What you should do: Every record must appear in your copy exactly as written, with no pictures.

Materials provided:

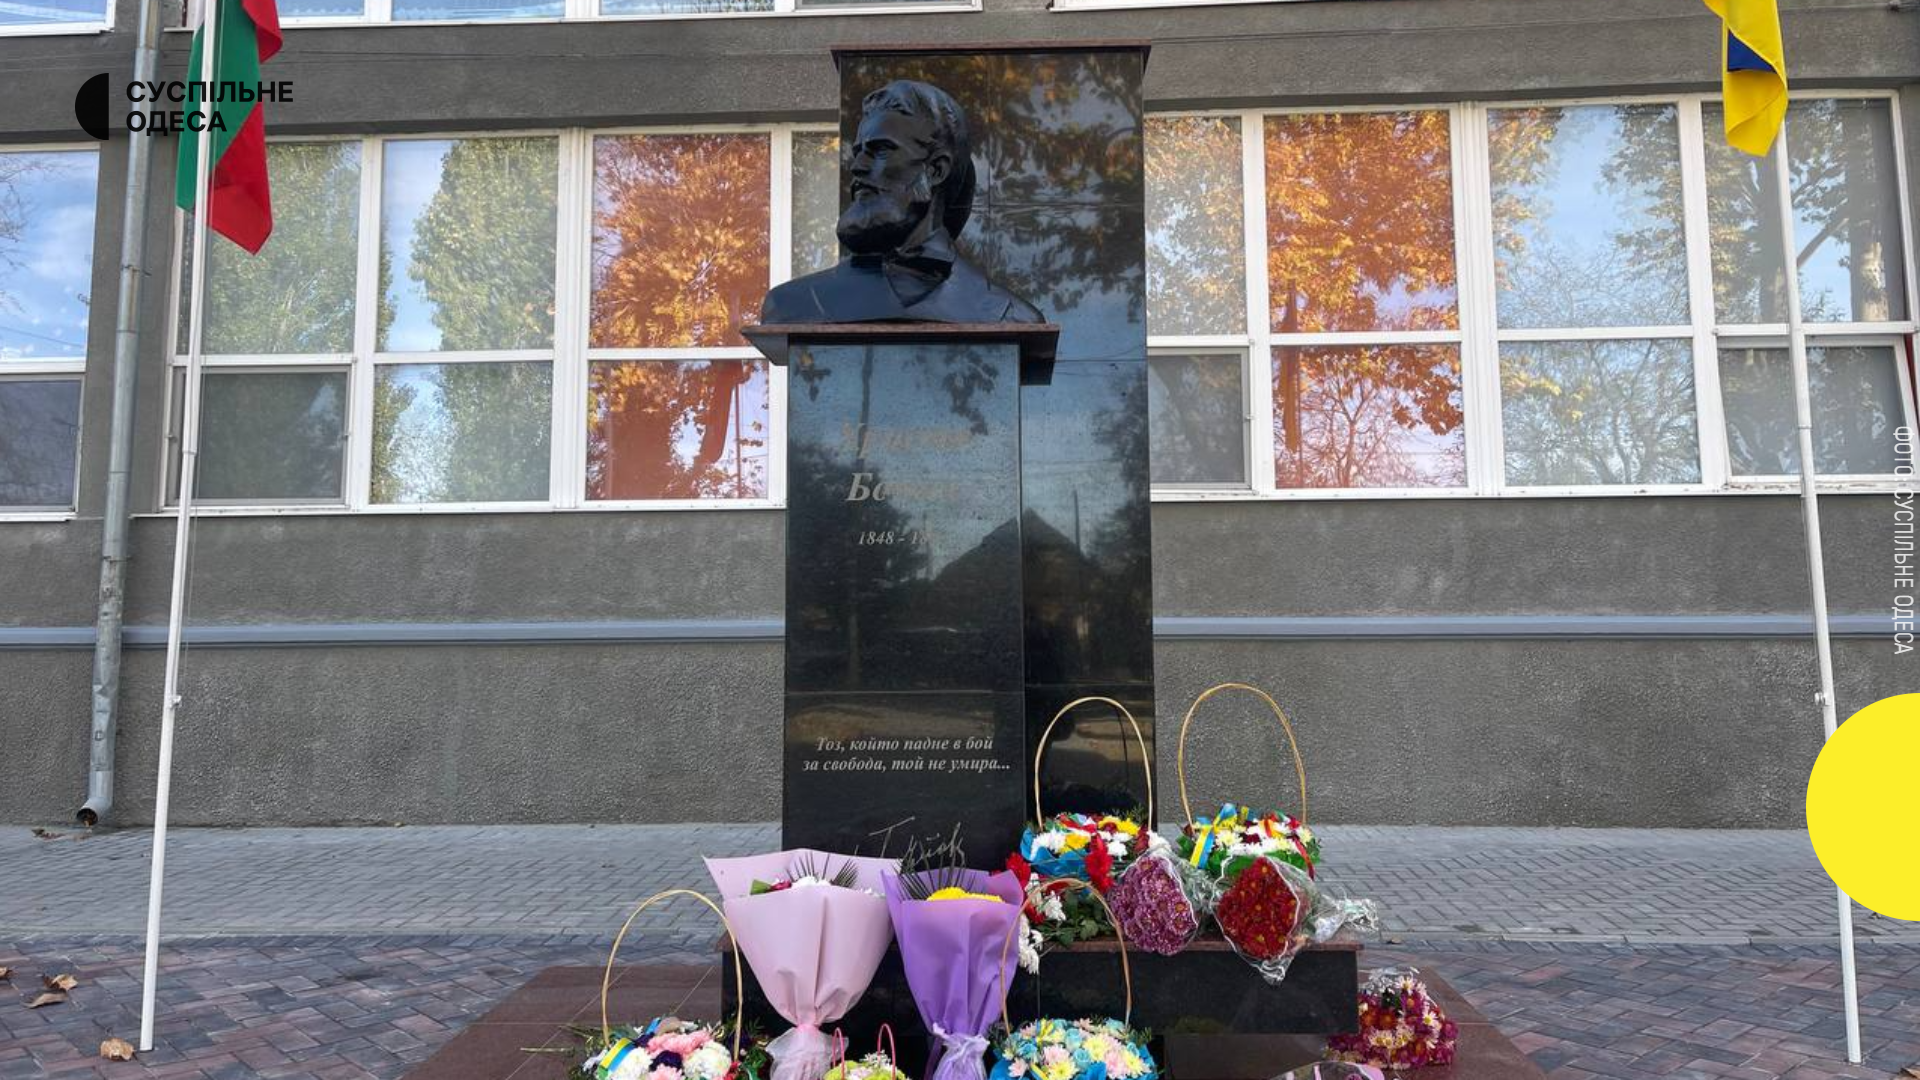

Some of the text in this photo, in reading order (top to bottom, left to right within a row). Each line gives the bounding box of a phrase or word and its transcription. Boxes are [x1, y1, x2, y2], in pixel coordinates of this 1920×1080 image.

[858, 531, 894, 545] 1848
[816, 736, 993, 752] Тоз, който падне в бой
[802, 760, 818, 771] за
[823, 757, 887, 772] свобода,
[891, 757, 923, 771] той
[928, 760, 946, 770] не
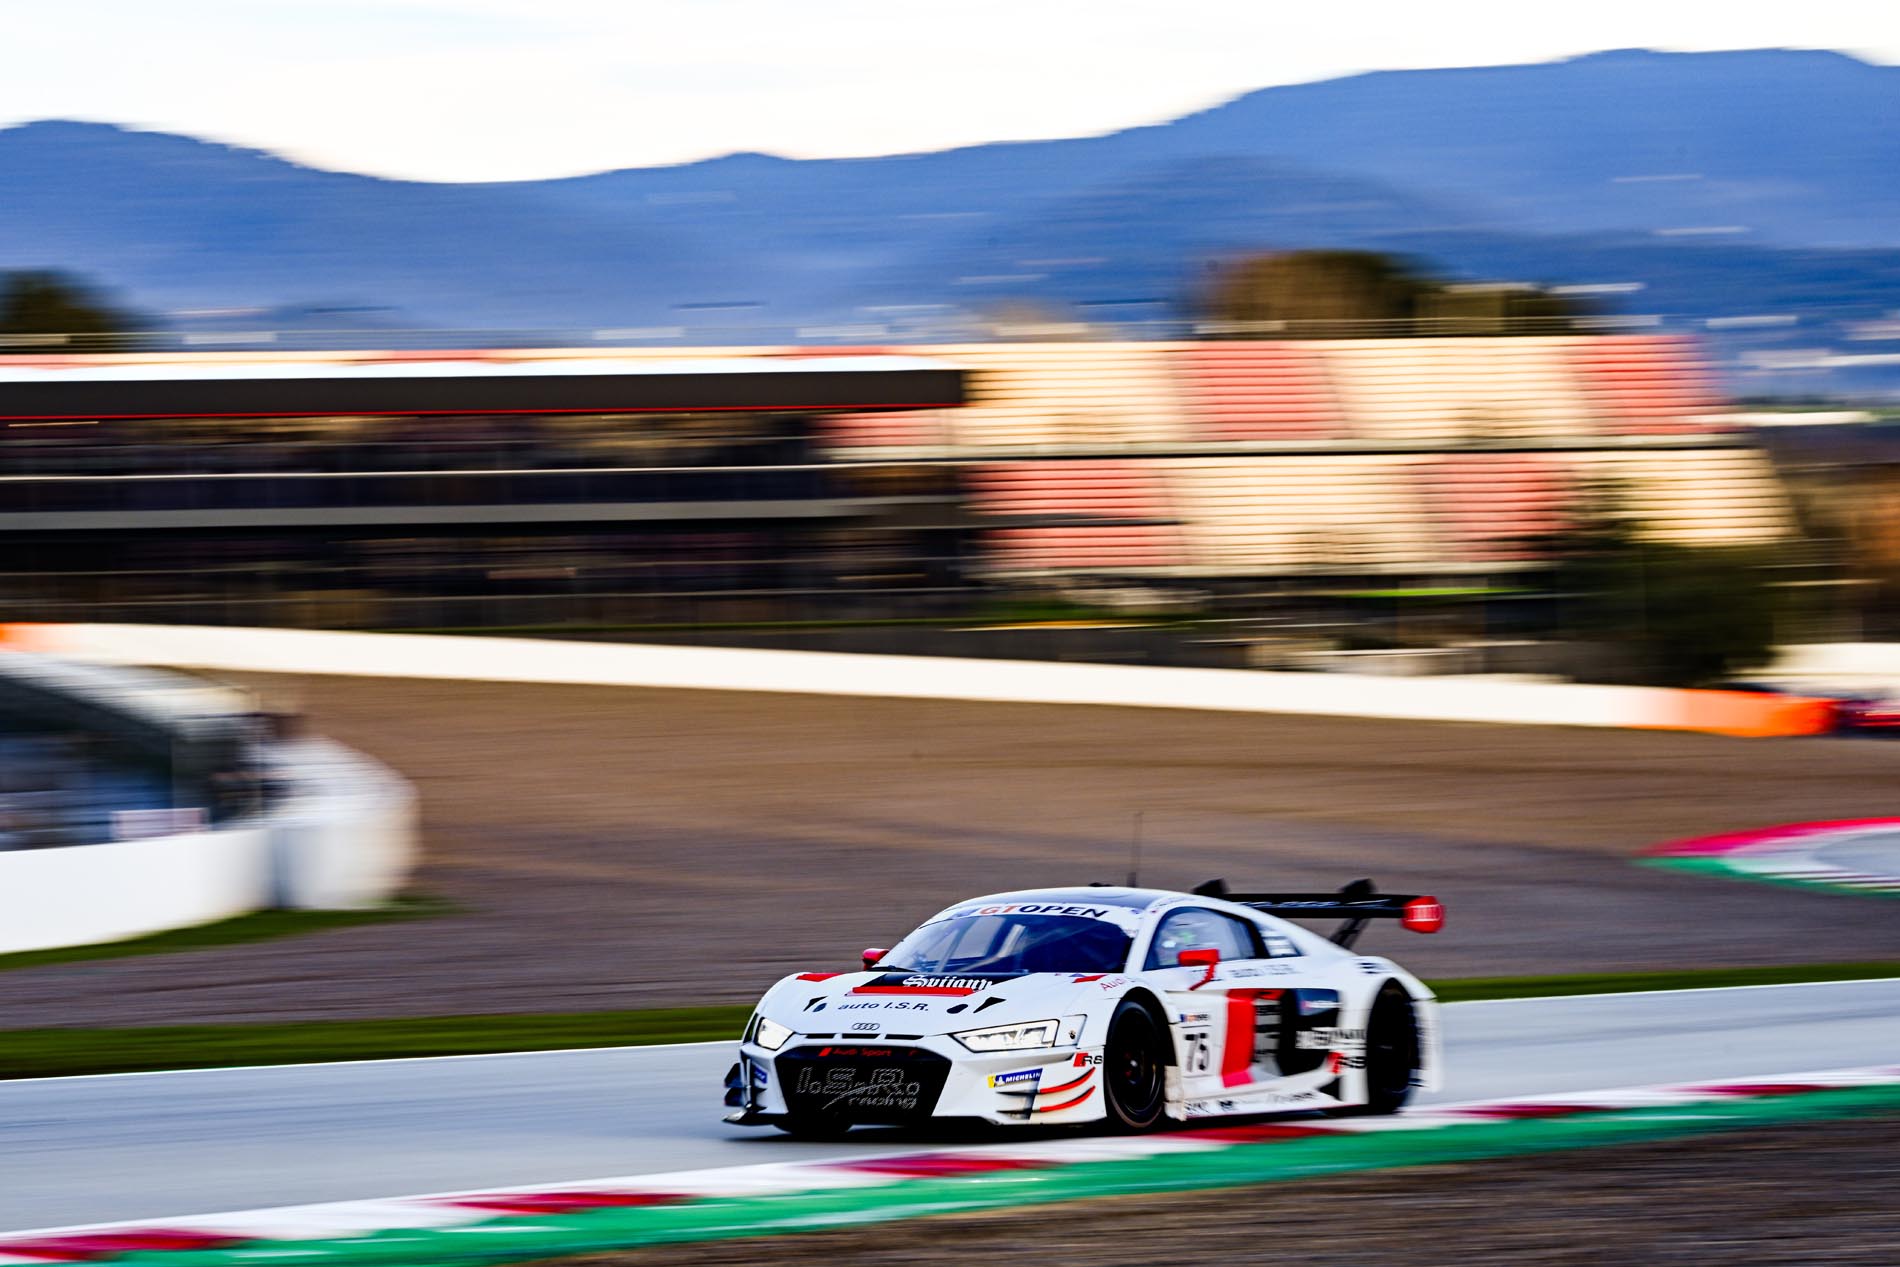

Finished exercise:
Some of the text in this photo, in reading order (top to bottom, left to right within a row). Each line gives the bounding box of a phrase or word and its transcription. Boxes are [x1, y1, x2, y2], in pixel coordinates of this 1920×1080 image.

[858, 531, 894, 545] 1848
[816, 736, 993, 752] Тоз, който падне в бой
[802, 760, 818, 771] за
[823, 757, 887, 772] свобода,
[891, 757, 923, 771] той
[928, 760, 946, 770] не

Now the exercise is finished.